Par ordonnance du 27 juin 2025, le juge du tribunal judiciaire de Lyon a prolongé la rétention administrative d'[W] [K] pour une durée de vingt-six jours.
Par ordonnance du 23 juillet 2025 confirmée par décision de la cour d’appel de Lyon du 25 juillet 2025, la rétention administrative d'[W] [K] a été prolongée pour une durée de trente jours
Suivant requête du 21 août 2025, la préfète de l’Isère a saisi le juge du tribunal judiciaire de Lyon aux fins de voir ordonner une nouvelle prolongation de la rétention pour une durée de quinze jours.

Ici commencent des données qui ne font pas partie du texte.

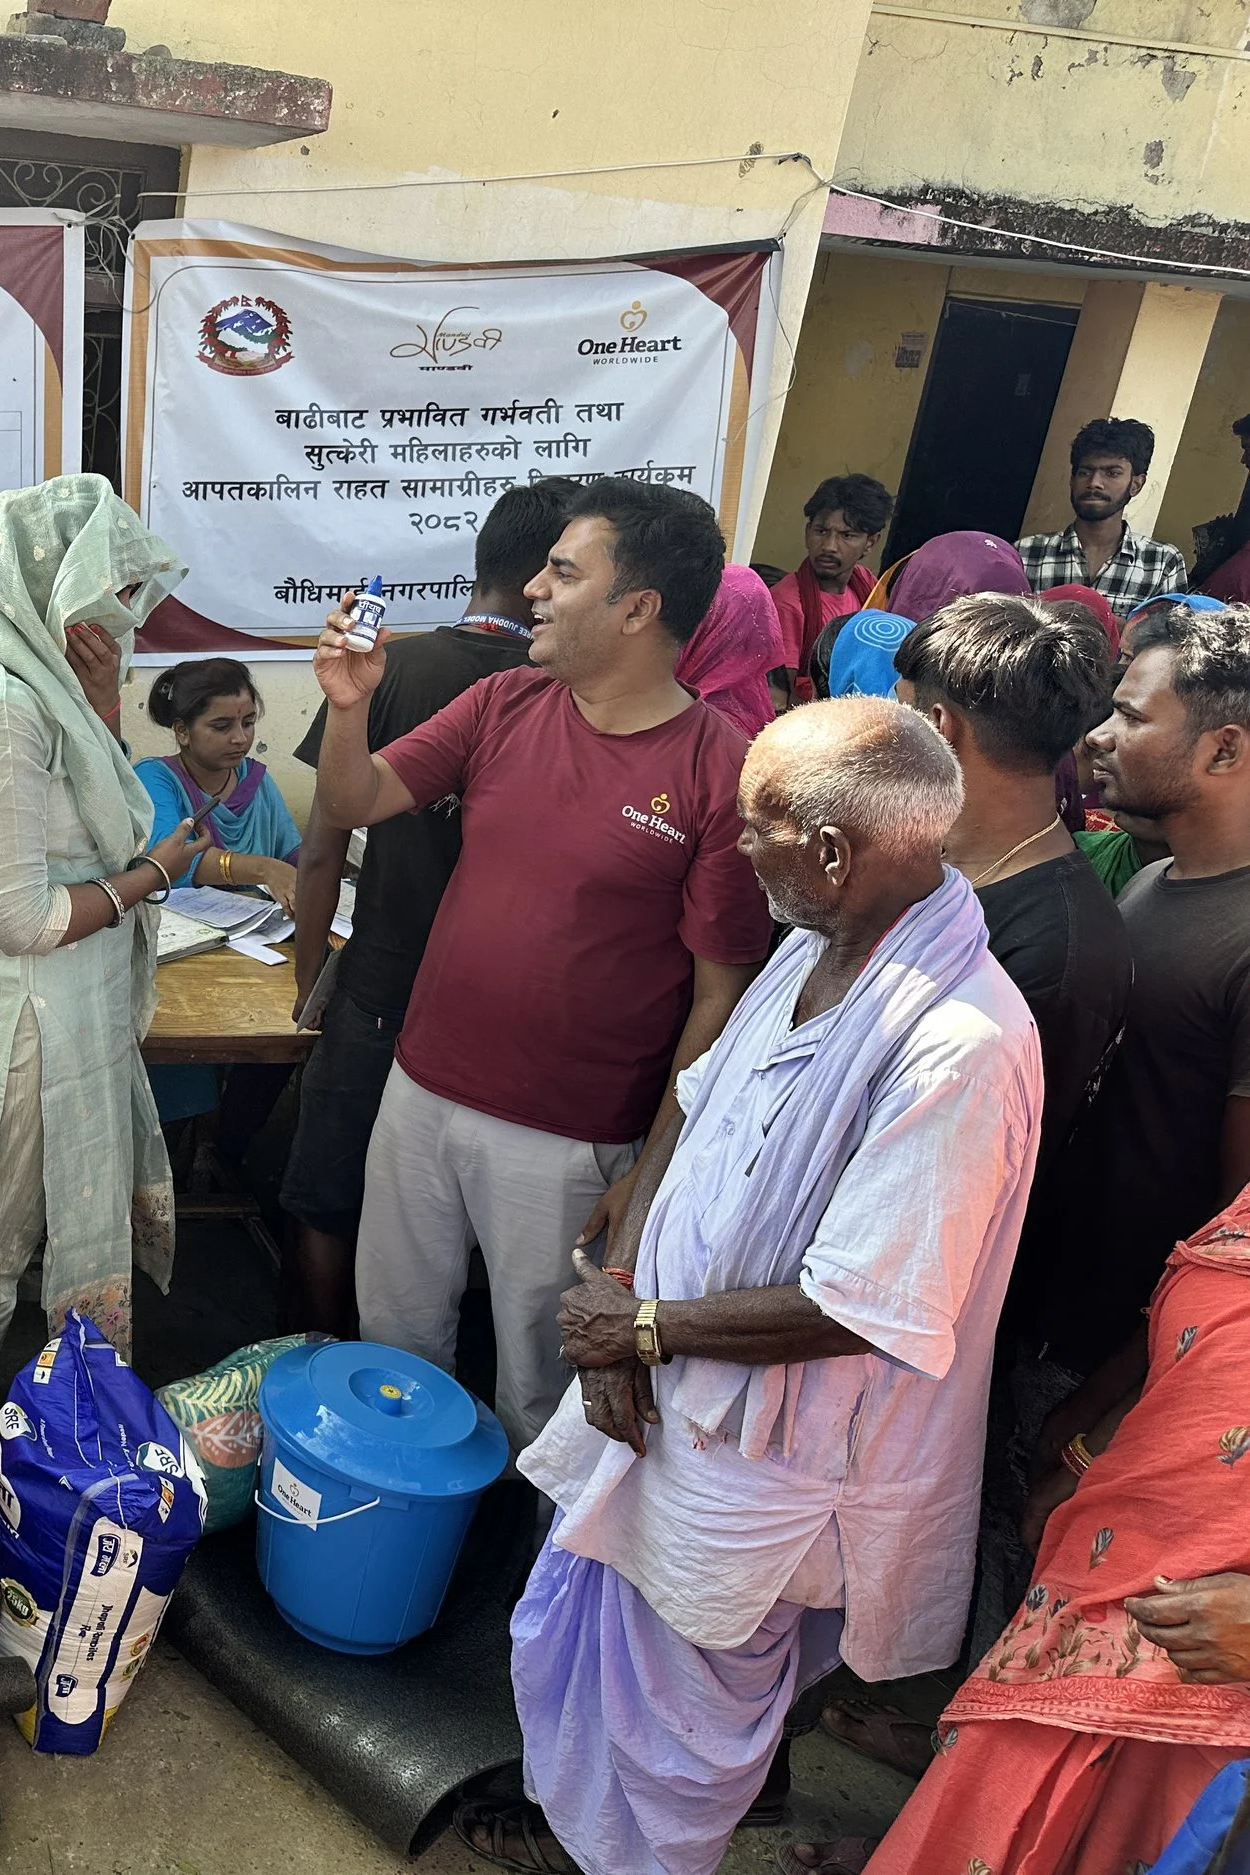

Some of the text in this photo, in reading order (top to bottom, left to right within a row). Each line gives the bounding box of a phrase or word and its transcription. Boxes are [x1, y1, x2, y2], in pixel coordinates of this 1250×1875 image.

[577, 335, 682, 356] One Heart
[592, 356, 659, 365] WORLDWIDE
[275, 398, 625, 430] बाढीबाट प्रभावित गर्भवती तथा
[304, 431, 592, 471] सुत्केरी महिलाहरुको लागि
[182, 473, 321, 501] आपतकालिन
[332, 479, 390, 500] राहत
[400, 470, 517, 499] सामाग्रीहरु
[408, 511, 478, 535] २०८२
[382, 574, 476, 601] नगरपालि
[488, 615, 518, 631] JUDDHA
[621, 805, 686, 844] One Heart
[630, 822, 674, 844] WORLDWIDE
[4, 1407, 19, 1430] SRF
[154, 1448, 179, 1474] SRF
[277, 1484, 290, 1500] One
[290, 1496, 311, 1517] Heart
[7, 1590, 29, 1616] 25kg

Le juge du tribunal judiciaire de Lyon, dans son ordonnance du 22 août 2025 à 14h54, a fait droit à cette requête.
Par déclaration reçue au greffe le 23 août 2025 à 9h55, [W] [K] relève appel de cette ordonnance en faisant valoir qu’il n’entre pas dans les conditions de l’article L742-5 du CESEDA, n’ayant pas fait obstruction à la mesure d’éloignement dans les 15 derniers jours précédant l’audience de 4ème prolongation, qu’il n’est pas démontré l’existence d’un laissez-passer consulaire pouvant intervenir à bref délai, qu’il ne constitue pas une menace pour l’ordre public. Il sollicite la réformation de la décision déférée, sa comparution assisté d’un avocat.
Les parties ont été régulièrement convoquées à l’audience du 24 août 2025 à 10 heures 30.

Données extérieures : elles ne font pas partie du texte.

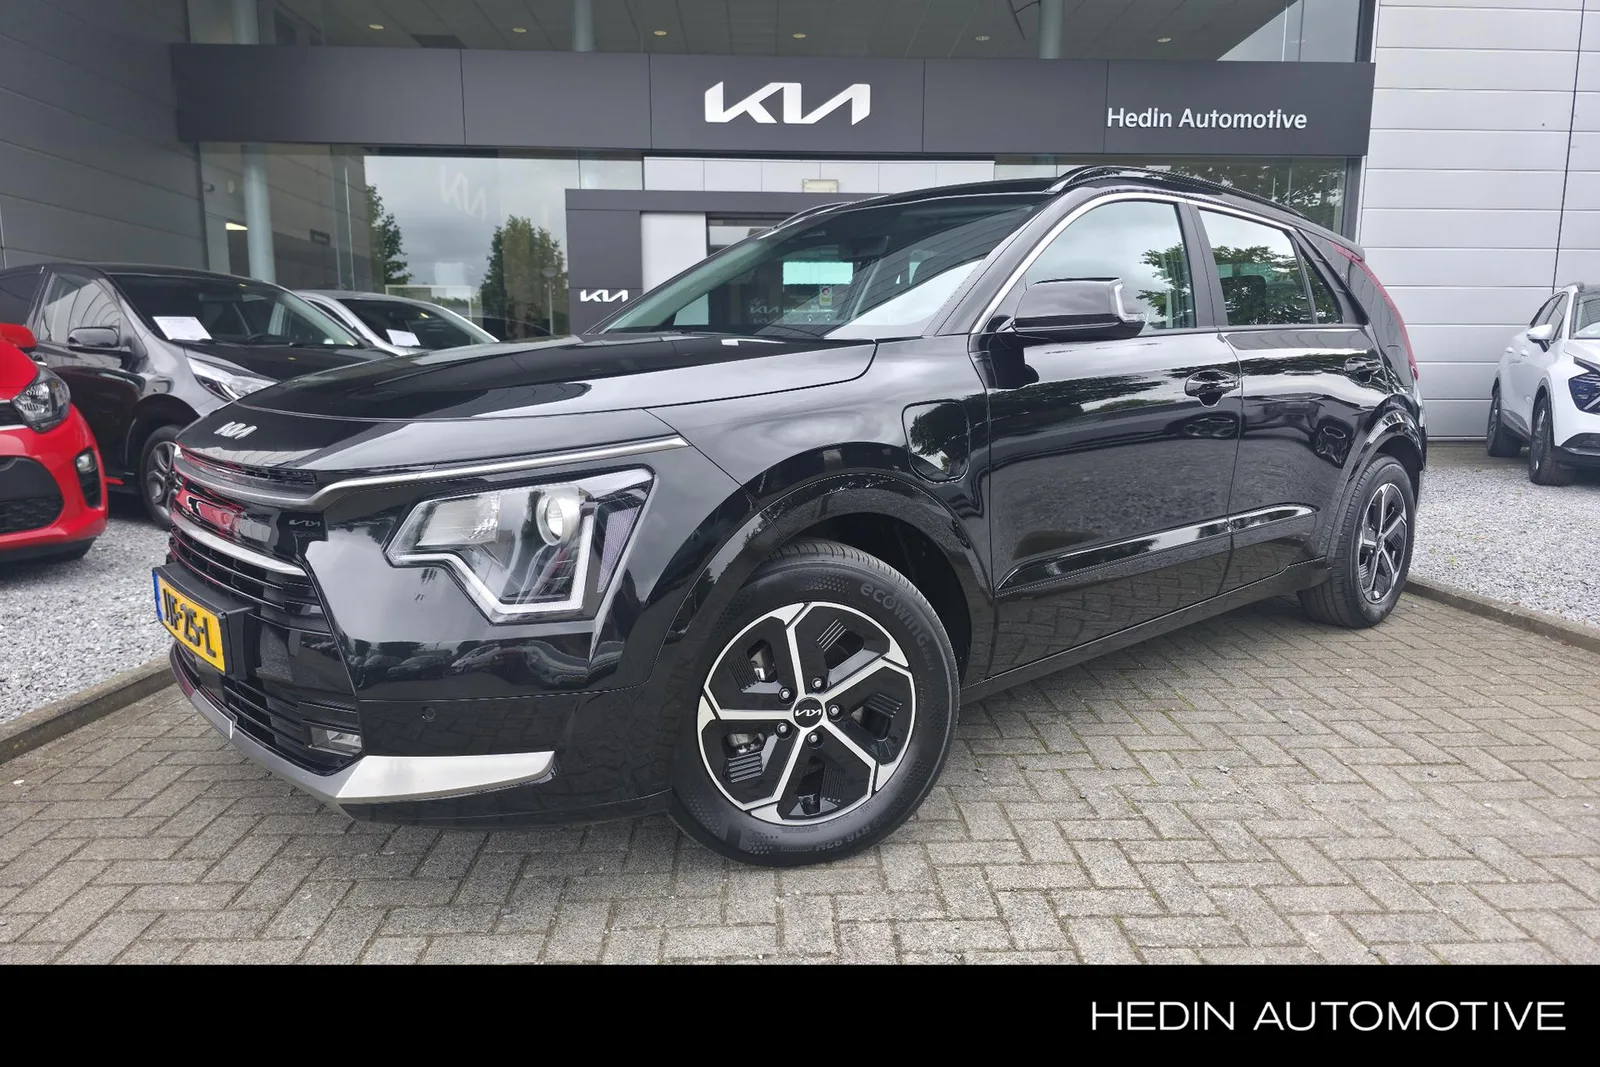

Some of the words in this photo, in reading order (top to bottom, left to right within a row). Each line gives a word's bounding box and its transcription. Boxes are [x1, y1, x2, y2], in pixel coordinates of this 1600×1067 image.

[704, 81, 871, 126] KIA
[1107, 107, 1173, 128] Hedin
[1178, 108, 1308, 129] Automotive
[580, 289, 629, 303] KIA

[W] [K] a comparu et a été assisté de son avocat. Il a produit un certain nombre de pièces (bulletins de salaire , attestation d’hébergement de sa compagne, extrait d’acte de naissance de sa fille, carte de séjour de l’appelant valable jusqu’au 25 octobre 2023…)
Le conseil d'[W] [K], qui n’a pas communiqué d’observations écrites, a été entendu en sa plaidoirie pour soutenir les termes de la requête d’appel.
Mme la Préfète de l’Isère, représentée par son conseil, a demandé la confirmation de l’ordonnance déférée.
[W] [K] a eu la parole en dernier. Il a indiqué qu’il était en France depuis 1989, qu’il avait pu faire des bêtises lorsqu’il était jeune, qu’il est âgé de 34 ans, qu’il est père d’une enfant de 13 ans et a eu avec sa nouvelle compagne une enfant née le 14 avril 2025, qu’il avait travaillé dans les Bouches-du-Rhône puis à [Localité 2] et en particulier depuis sa sortie de prison, pour élever les enfants étant également beau-père. Il explique que ce sont des problèmes de connexion au site dédié qui l’ont empêché de renouvelé son titre de séjour. Il déclare avoir seulement mis une 'tarte’ à sa femme car elle a humilié dans la rue en prétextant qu’il la trompait.
MOTIVATION
Sur la recevabilité de l’appel
L’appel d'[W] [K], relevé dans les formes et délais légaux prévus par les dispositions des articles L. 743-21, R. 743-10 et R. 743-11 du code de l’entrée et du séjour des étrangers et du droit d’asile (CESEDA), doit être déclaré recevable.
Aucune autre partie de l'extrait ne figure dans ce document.